Después de pasarse toda su adolescencia con una cámara delante de las narices y cientos de miles de fans que la seguían e idolatraban por su belleza, delgadez y estilo, Essena ha hablado de las perversas consecuencias de su adicción a las redes sociales: la obsesión por los likes y los followers, el estrés de chequeo constante o el miedo a la crítica. Y también de la mentira que se esconde detrás de las pantallas. Una de las frases que más repite en su página web lestbegamechangers.com es “es ridículo”. Todo es ridículo: jóvenes atrapados en las redes sociales admirando a otros que a su vez están más atrapados que ellos, viviendo a través de pantallas, fotografiando cada paso que dan pero sin tiempo para vivir experiencias. Una generación entera encerrada en vidas virtuales, cuya inspiración son chicas y chicos con fotos irreales salpicadas por filtros y retoques, en posturas mil y una vez ensayadas, creando la peligrosa ilusión de que la perfección existe y además, es posible conseguirla.

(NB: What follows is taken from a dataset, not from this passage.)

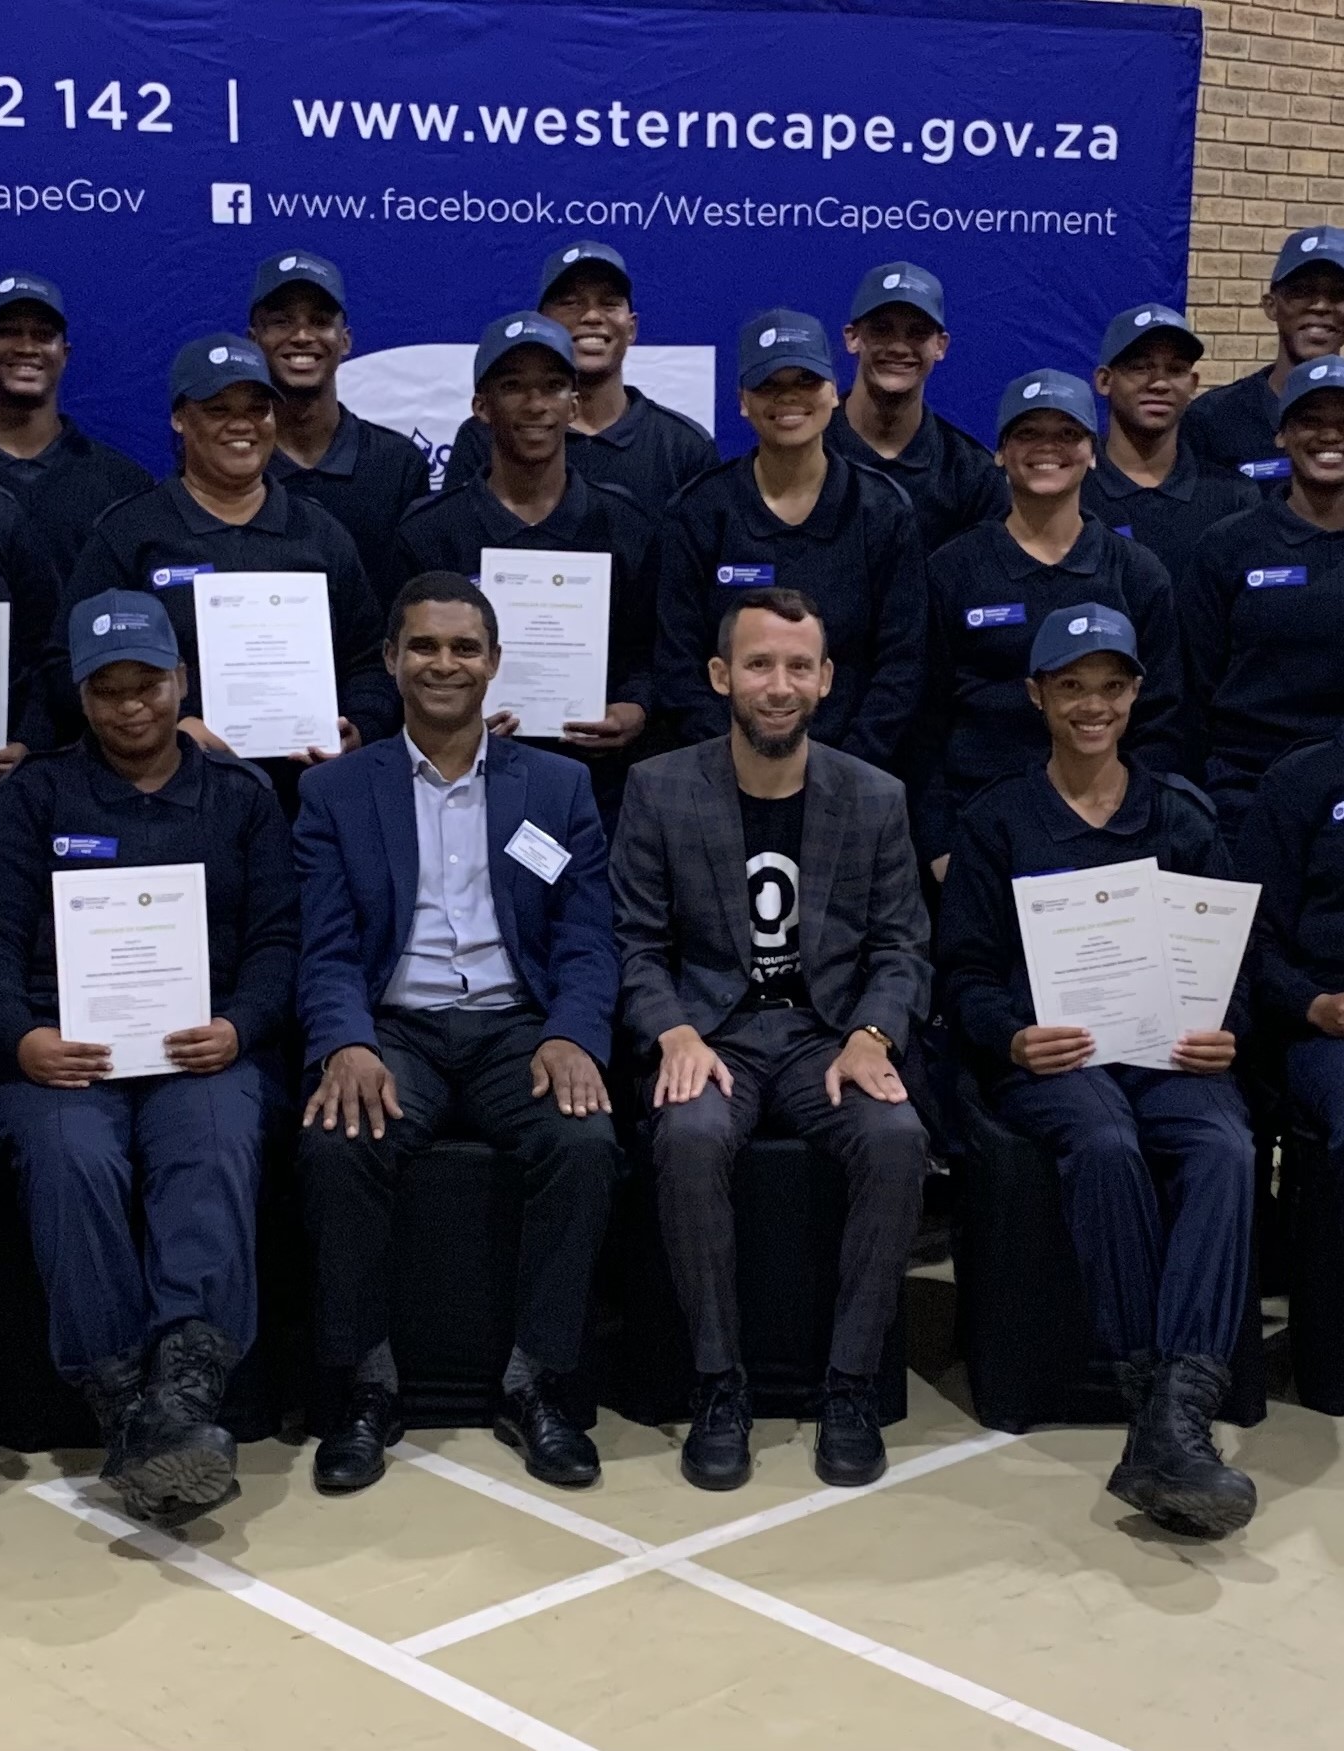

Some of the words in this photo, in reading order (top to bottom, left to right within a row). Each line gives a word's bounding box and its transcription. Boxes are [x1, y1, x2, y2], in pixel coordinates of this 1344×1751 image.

[54, 78, 173, 133] 142
[292, 99, 1119, 164] www.westerncape.gov.za
[267, 187, 1117, 237] www.facebook.com/WesternCapeGovernment
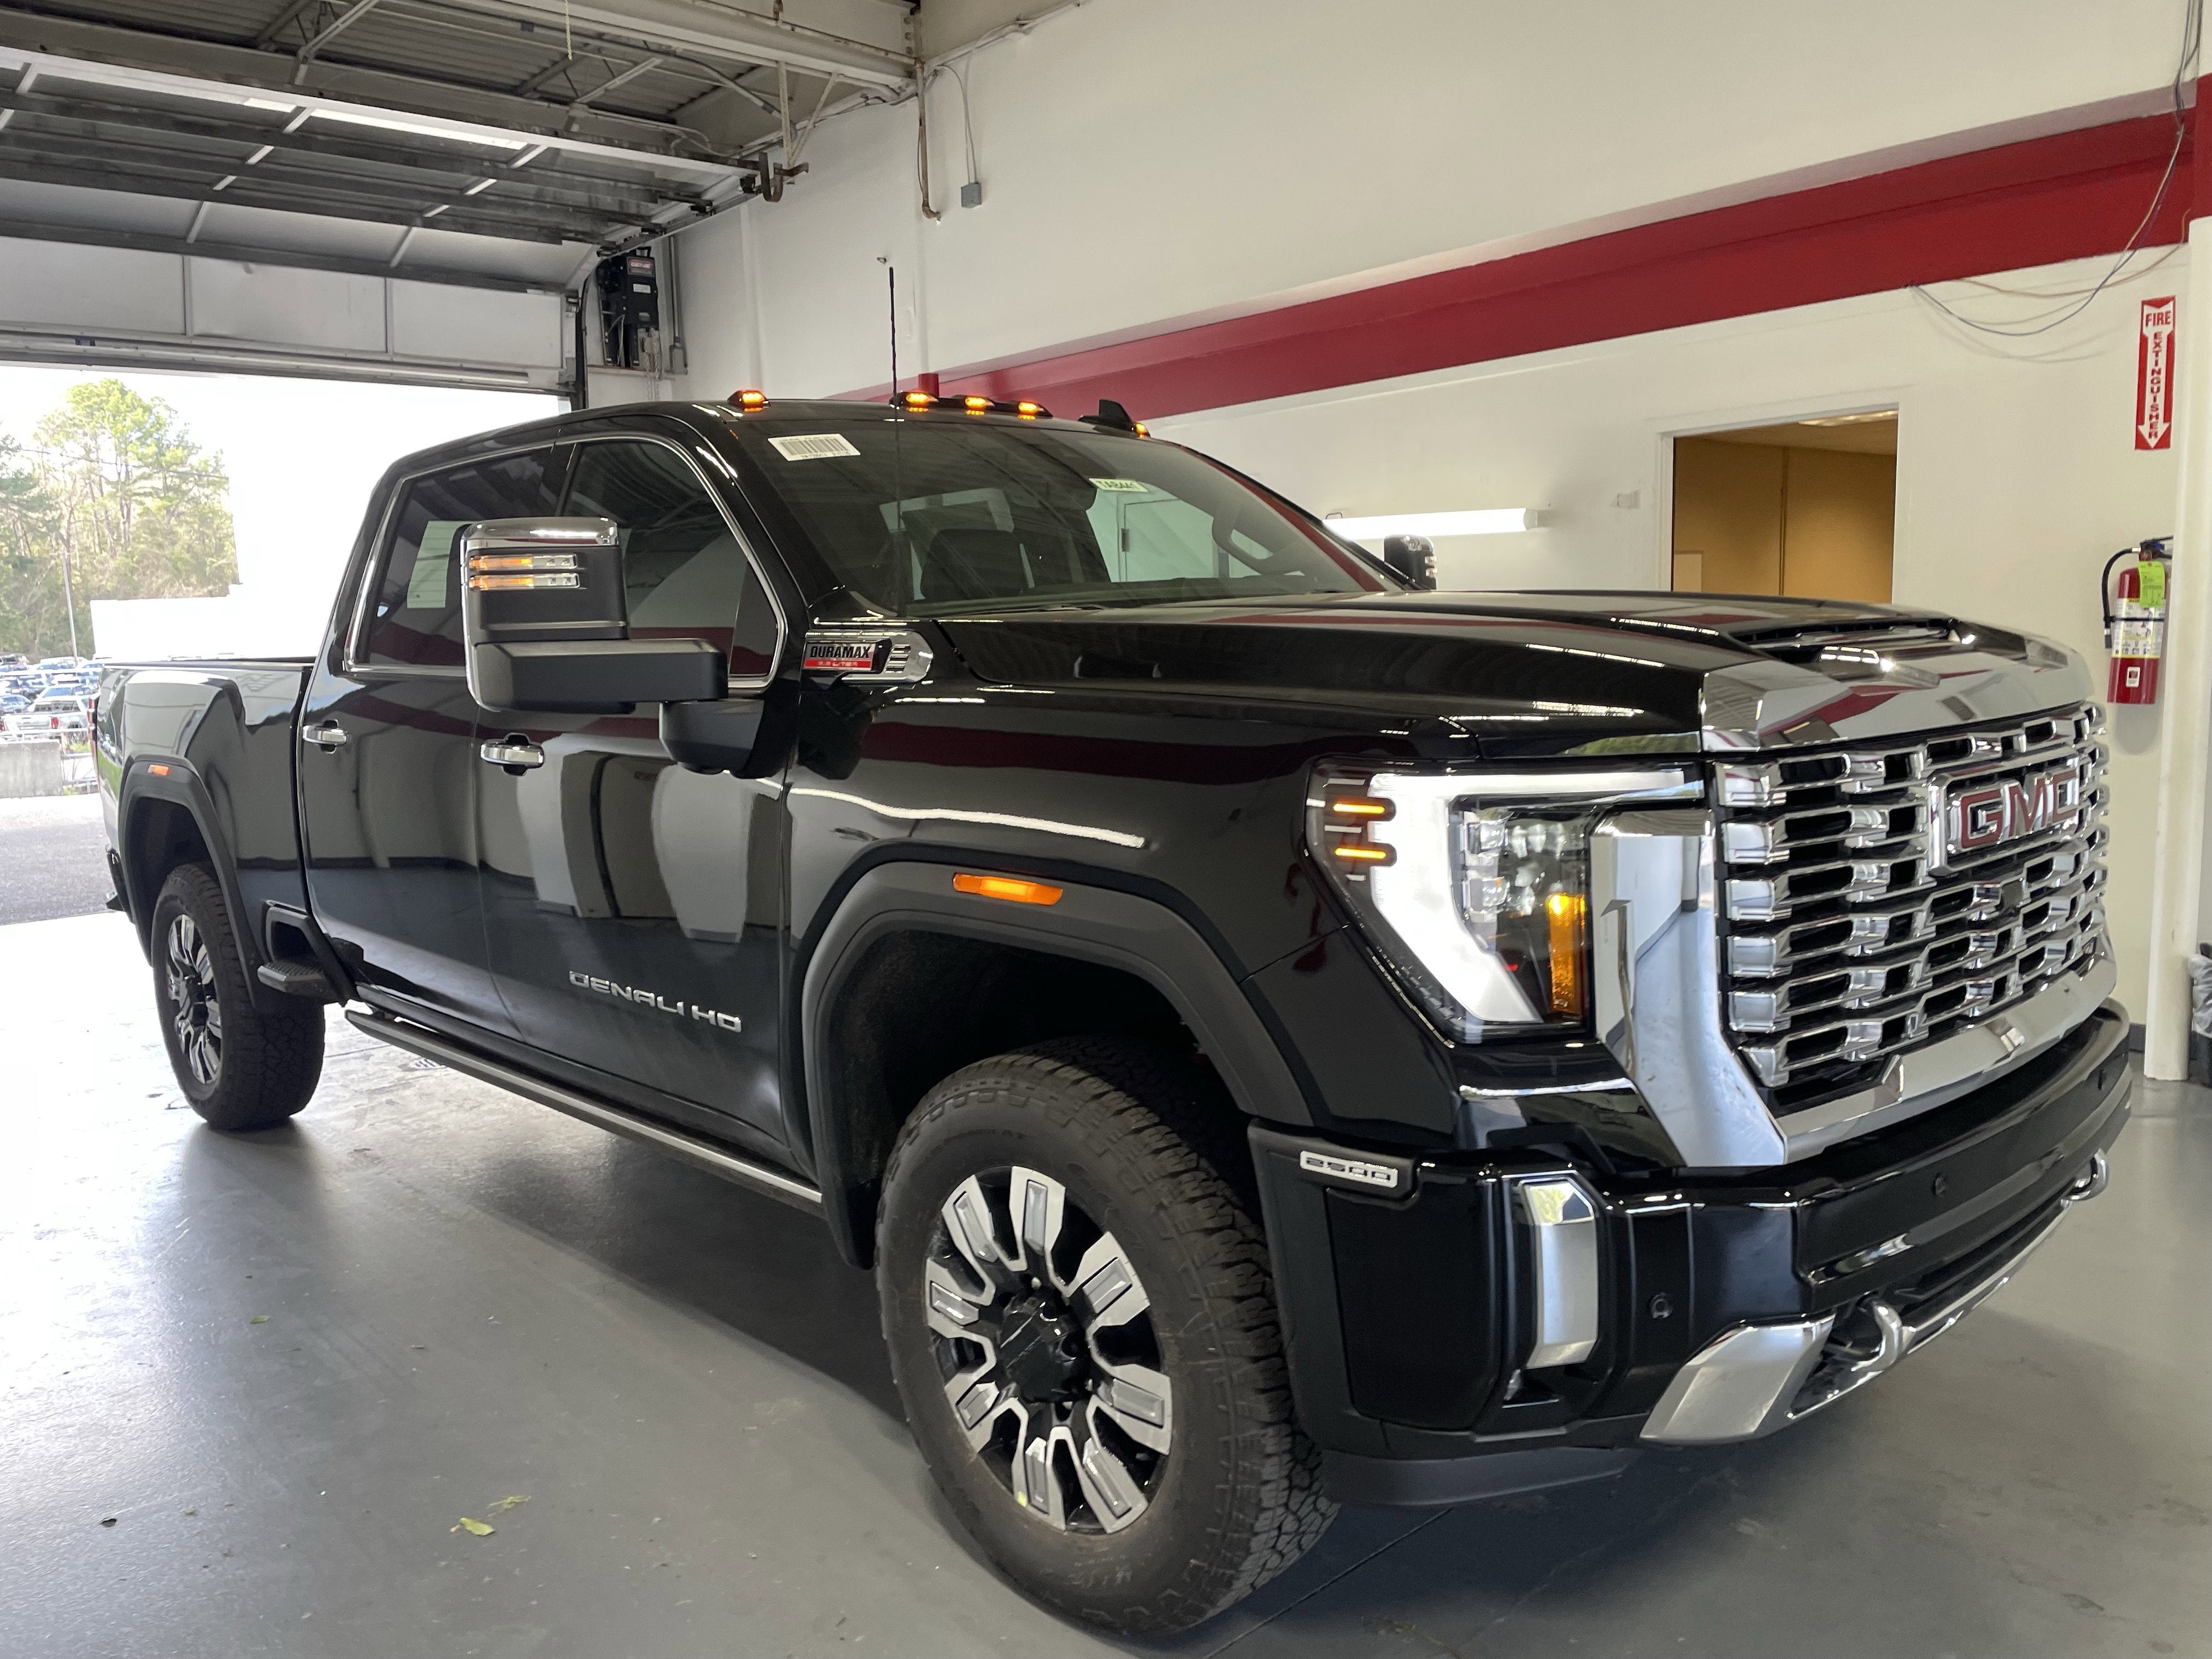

Me dan un poco igual los consejos que Essena imparte ahora sobre la meditación, el veganismo, la lectura y la creatividad. Ella es –o ha sido- una de las muchas piezas del tratamiento como objetos ornamentales de las adolescentes  que, cada vez más, claudican y se prestan a contribuir a este sistema de ultrasexualización de sus cuerpos sin ningún tipo de control. Apoyando esto, la industria de la moda y la belleza, grandes empresas beneficiarias vendiendo cremas, maquillajes y harapos que te harán estar así de guapa. Muchas “estrellas” sufren ciberbulliyng, acoso, son insultadas y amenazadas hasta con la violación y, sin embargo, no dejan de exponerse una y otra vez. No es engañéis: eso no es autoestima, el amor propio no requiere de miradas ajenas. A la vez, las menos afortunadas físicamente se lamentan de no tener esa cantidad de seguidores, ni un físico bonito que mostrar al público.

La obsesión también afecta a mujeres de otra edades. No tengo Instagram pero conozco unas cuantas páginas de famosas que son auténticas instastars. Mujeres que tienen mi edad o más, y que aparecen sin una sola arruga, ni un rastro de celulitis o una sola imperfección. Con 29 años y tras haber padecido un trastorno alimentario, conozco el precio de esa ilusión. Pero si hace 15 años yo hubiese tenido redes sociales, estoy segura de que habría caído y, mi obsesión, enfermiza entonces, lo sería todavía más. No puedo ni imaginarme el sufrimiento que me acarrearían las redes sociales, ni el tiempo que perdería arreglándome, preocupada por mi aspecto, obsesionada con los “me gusta” y viendo los perfiles de otras a las que envidiaría por su perfección. Cada crítica, por nimia que fuese, me deprimiría más y, muy probablemente, retrasaría mi recuperación (eso por no hablar de las páginas proanorexia y probulimia). La aprobación de los demás, antes limitada a unos pocos, se muestra ahora abierta a todos los psicópatas de internet, personas envidiosas, obsesos sexuales, pederastas, y gente mala en general.

Muchos recordamos que hasta hace no demasiado se podía beber alcohol con 16 años, y nos vendían tabaco a los 14 en el mismo sitio donde comprábamos gominolas. Entonces, alguien, con buen juicio, pensó que aquello era peligroso para la juventud y puso límites legales. Espero que no tardemos demasiado en preguntarnos cómo pudimos permitir que niñas de 12, 13, 15 ó 16 años compartiesen fotos semidesnudas a todo el planeta.